It is interesting to see the area develop from farmland into a working class neighborhood, and then slowly into a kind of bohemian area. Finally, though you can't really tell it from the pictures, it's evolved further, as housing prices have turned it into essentially a wealthy suburb (I have colleagues who live there for the atmosphere--even more over on Portrero--and reverse commute to our office in Mountain View) with an urban vibe.

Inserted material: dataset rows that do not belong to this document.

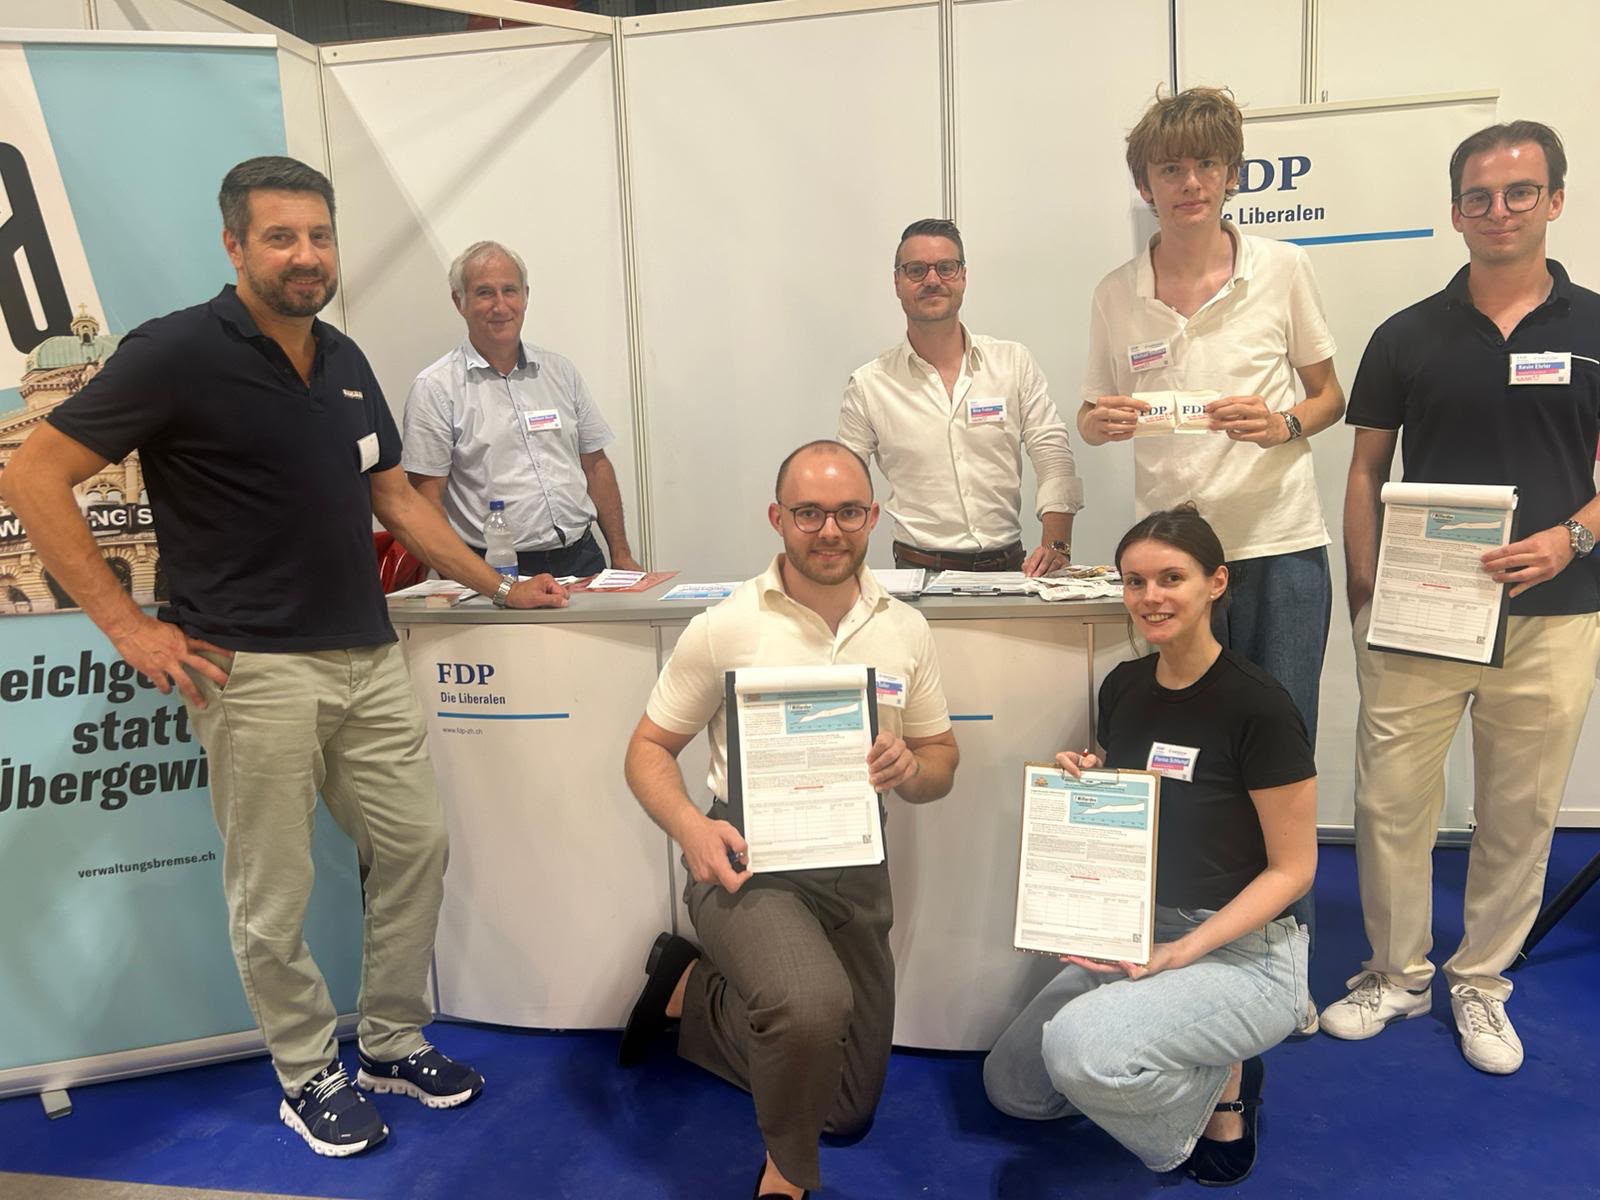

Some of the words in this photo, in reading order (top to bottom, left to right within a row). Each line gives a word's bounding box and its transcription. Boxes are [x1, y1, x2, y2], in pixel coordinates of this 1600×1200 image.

[1238, 156, 1311, 193] DP
[1239, 204, 1325, 225] Liberalen
[436, 662, 495, 685] FDP
[440, 692, 457, 703] Die
[459, 693, 506, 705] Liberalen
[72, 706, 192, 755] statt
[442, 727, 483, 735] www.fdp-zh.ch
[78, 851, 216, 878] verwaltungsbremse.ch

I have mixed feelings about the neighborhood's, and the city's evolution--and lack of it. I'm glad that the top of the hill was kept undeveloped, and I enjoy the Victorian/Edwardian/typically-San-Franciscan houses, and I'm sad to see how the Eastern side of the hill, once downright backwoods-y and bucolic, was bulldozed for the 101. On the other hand, is an obsessive conservatism for the physical form of a city really right?--Especially when the result is an artificial shortage of housing, and an affordability crisis that makes it out of reach to many who'd like to live there? If a few blocks of painted ladies were torn down for four-or-five story apartments or condos, it would be an aesthetic loss, but a boon to the city's health. What do we say about a city that has preserved Victorians but exiled the working class, and is quickly shoving the middle out the door?
I am writing this on a visit to southern California. Today, in Torrance, in the middle of a suburban wasteland, I saw a new development--of rowhouses! If Densification can occur in the suburbs (and despite the screams of NIMBY's it is creeping into the Bay Area in such unlikely places as Sunnyvale and Dublin), maybe even San Francisco can escape the paralyzing notion that its neighborhoods achieved a state of physical perfection a half century ago which must be inviolate forever.